Папуля, я б тебя убила, Когда бы ты не умер раньше, чем я собралась---- Тяжело-мраморный, мешок, набитый Богом, Пугающая статуя с одной ногою серой, Огромной, как тюлень во Фриско,*
И с головой в Атлантике капризной, Разлившейся зелёно-синей влагой У восхитительного взморья Наусет. ** Когда-то я молилась, чтоб вернуть тебя Ach, du.
Язык немецкий, польское местечко Укатаны катками Войн, войн, войн. Но назывался городок тот просто, заурядно. Мой польский друг
Сказал: таких там пара дюжин. И потому-то не смогла узнать, где ты Встал на ноги, где корешки пустил, Я так и не смогла поговорить с тобой. Язык мой бедный в челюстях застрял.
В витках колючей проволоки застрял. Ich, ich, ich, ich, Мне очень трудно было говорить. Я думала, что всякий немец был тобою. И что язык немецкий непристоен.
Локомотив, локомотив, Пыхтя, меня волочит, как еврейку. В Дахау, в Бельзен, в Аушвиц. И говорить я стала как еврейка. Я думаю, смогла б еврейкой быть.
Ни чистоты, ни правды нет В снегах Тироля, в светлом пиве Вены. С моей цыганской пра-родней,с моей удачей странной, С моей колодой карт Таро, колодой карт Таро Я, может быть, немножечко еврейка.

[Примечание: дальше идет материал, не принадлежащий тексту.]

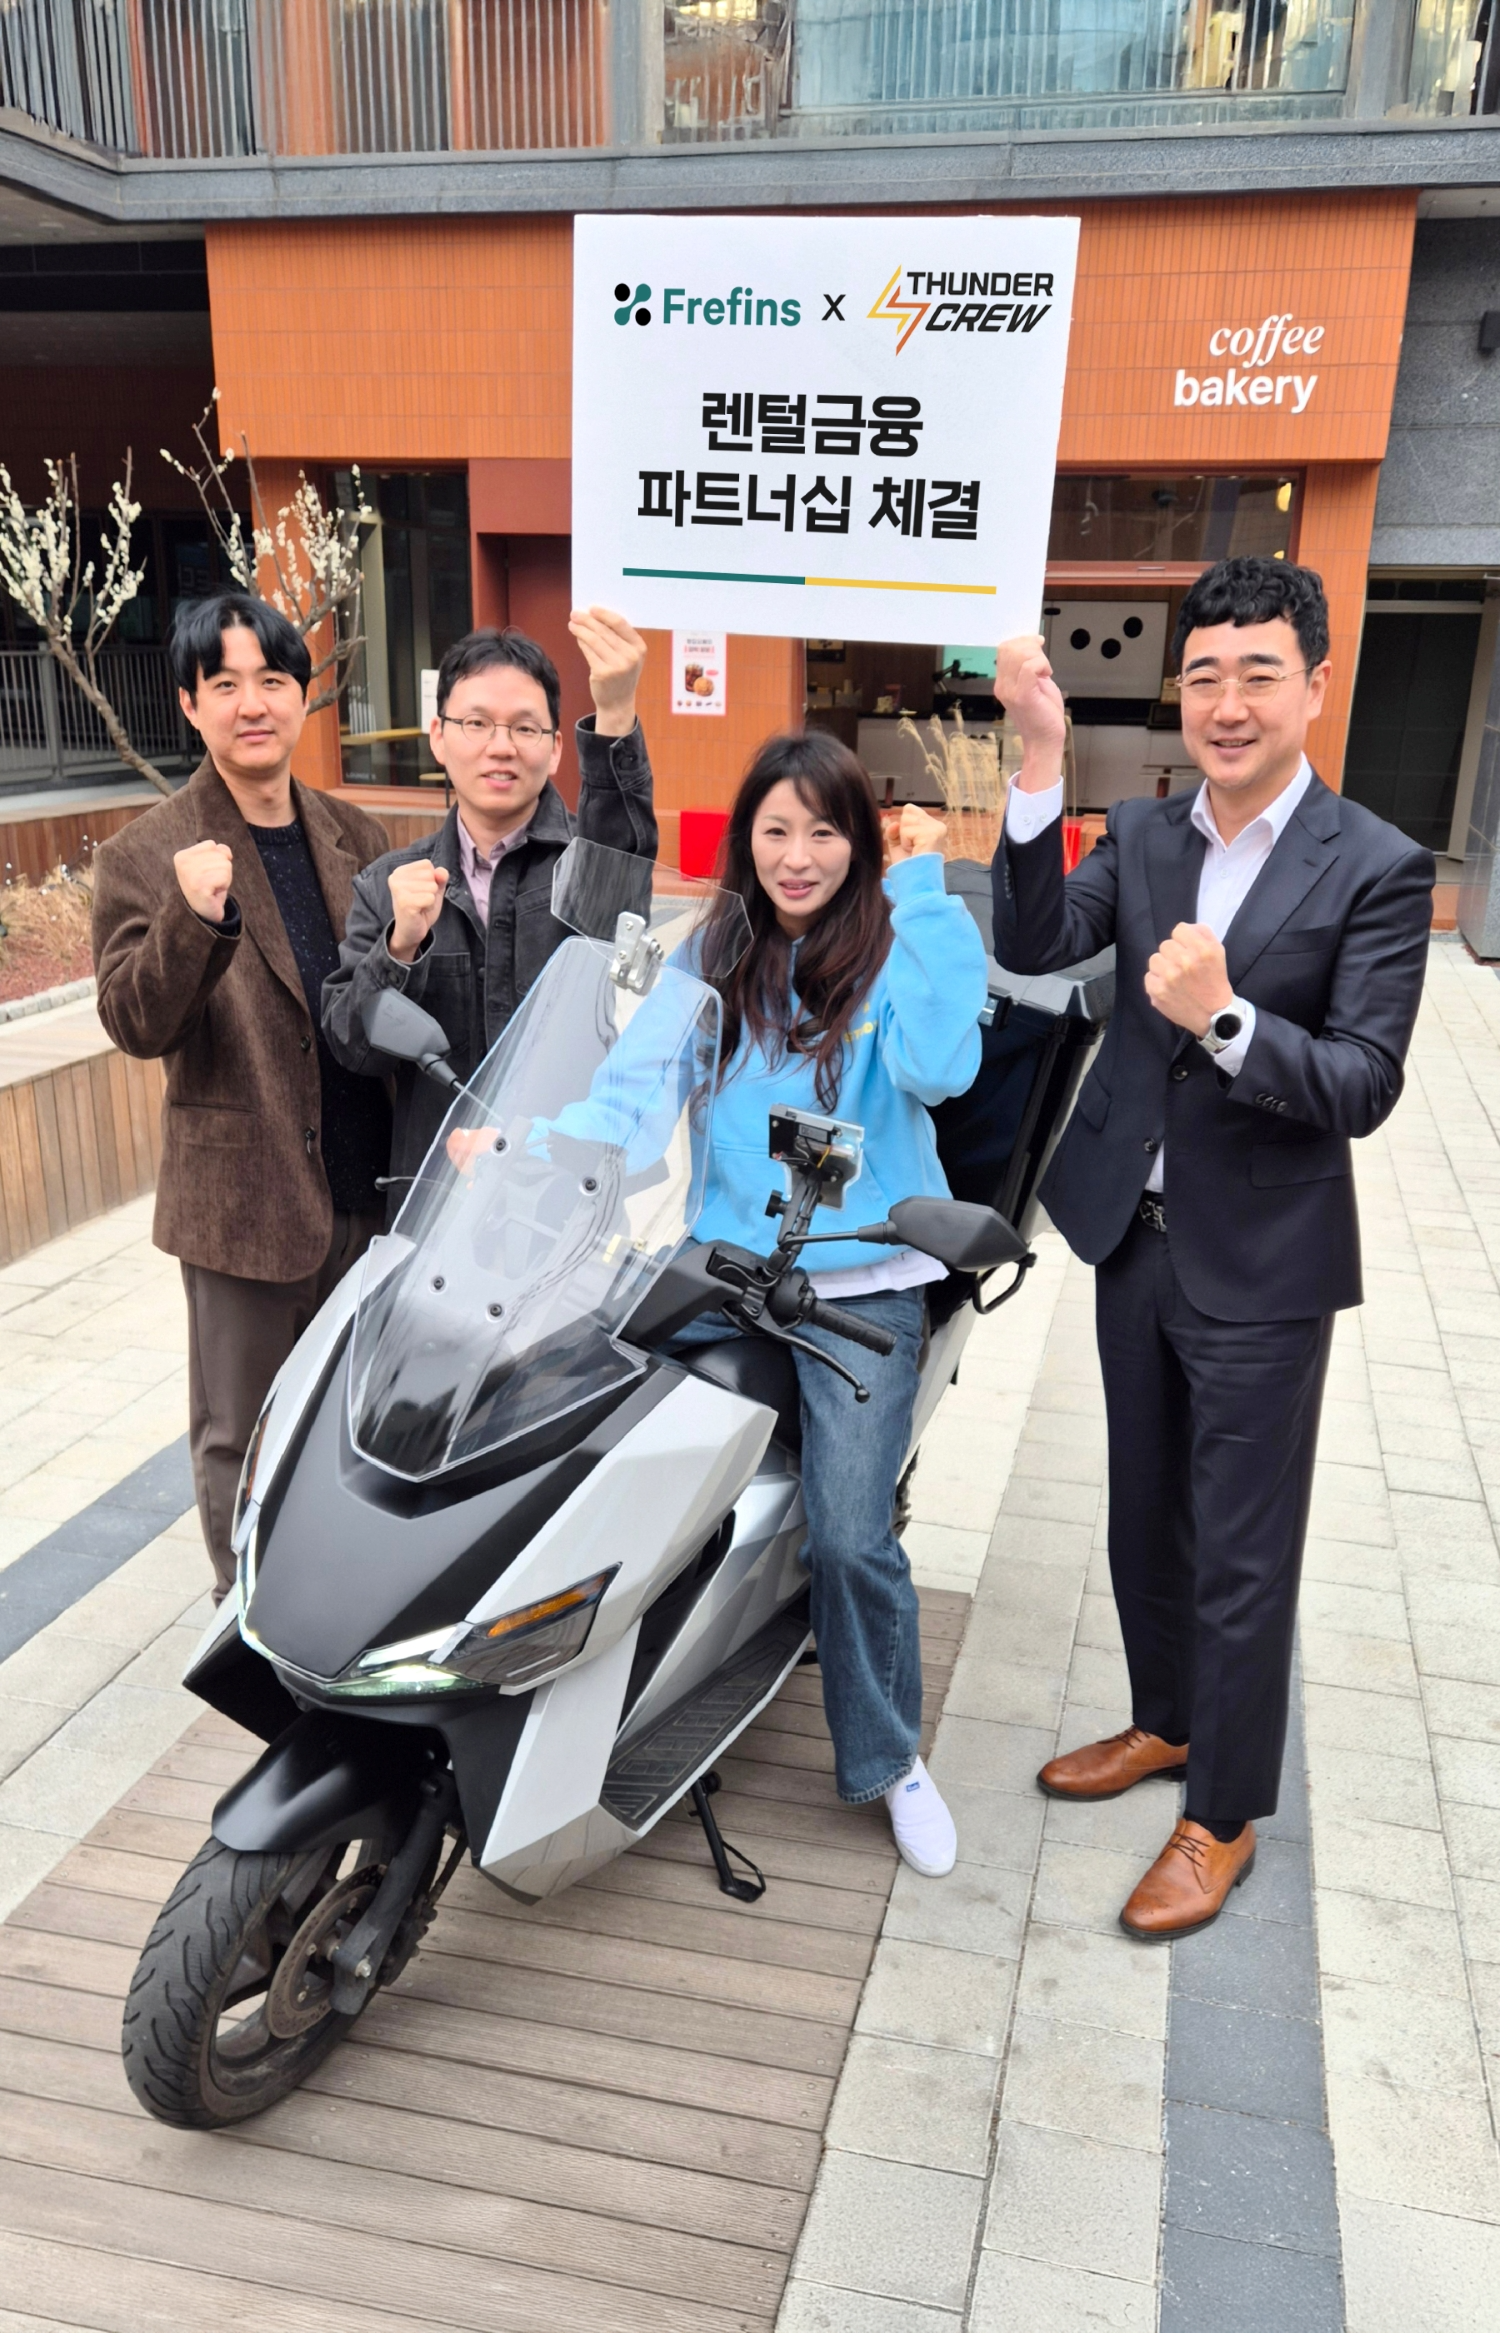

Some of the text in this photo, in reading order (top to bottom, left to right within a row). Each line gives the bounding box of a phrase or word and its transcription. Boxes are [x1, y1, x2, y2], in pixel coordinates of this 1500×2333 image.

[663, 286, 801, 327] Frefins
[906, 271, 1054, 297] THUNDER
[925, 302, 1052, 333] CREW
[1209, 313, 1326, 369] coffee
[1173, 367, 1319, 414] bakery
[701, 392, 924, 458] 렌털금융
[637, 469, 981, 541] 파트너십 체결

Всегда боялась я тебя, С твоими тарабарской речью и Luftwaffe, Твоих подстриженных усов, И глаз арийских ярко-голубых. О, ты не человек, а танк, танк----
Нет Бога, кроме свастики чернущей, Со скрипом сквозь неё и небу не пролезть. Любая женщина фашиста обожает. По морде сапогом, без жалости, И сердце грубое, без чувств, как у тебя.
Застыл ты, папа, в классе у доски На фотографии твоей, что сохранилась, Раздвоен подбородок у тебя взамен раздвоенности ног, Но от того не меньше дьявольщины, нет, Не меньше черноты в том человеке,
Перекусившем пополам моё хорошенькое красное сердечко. Лишь десять было мне, когда тебя похоронили, А в двадцать я сама пыталась умереть, Надеялась, что так вернусь, вернусь, вернусь к тебе. Я думала, хотя бы кости это смогут.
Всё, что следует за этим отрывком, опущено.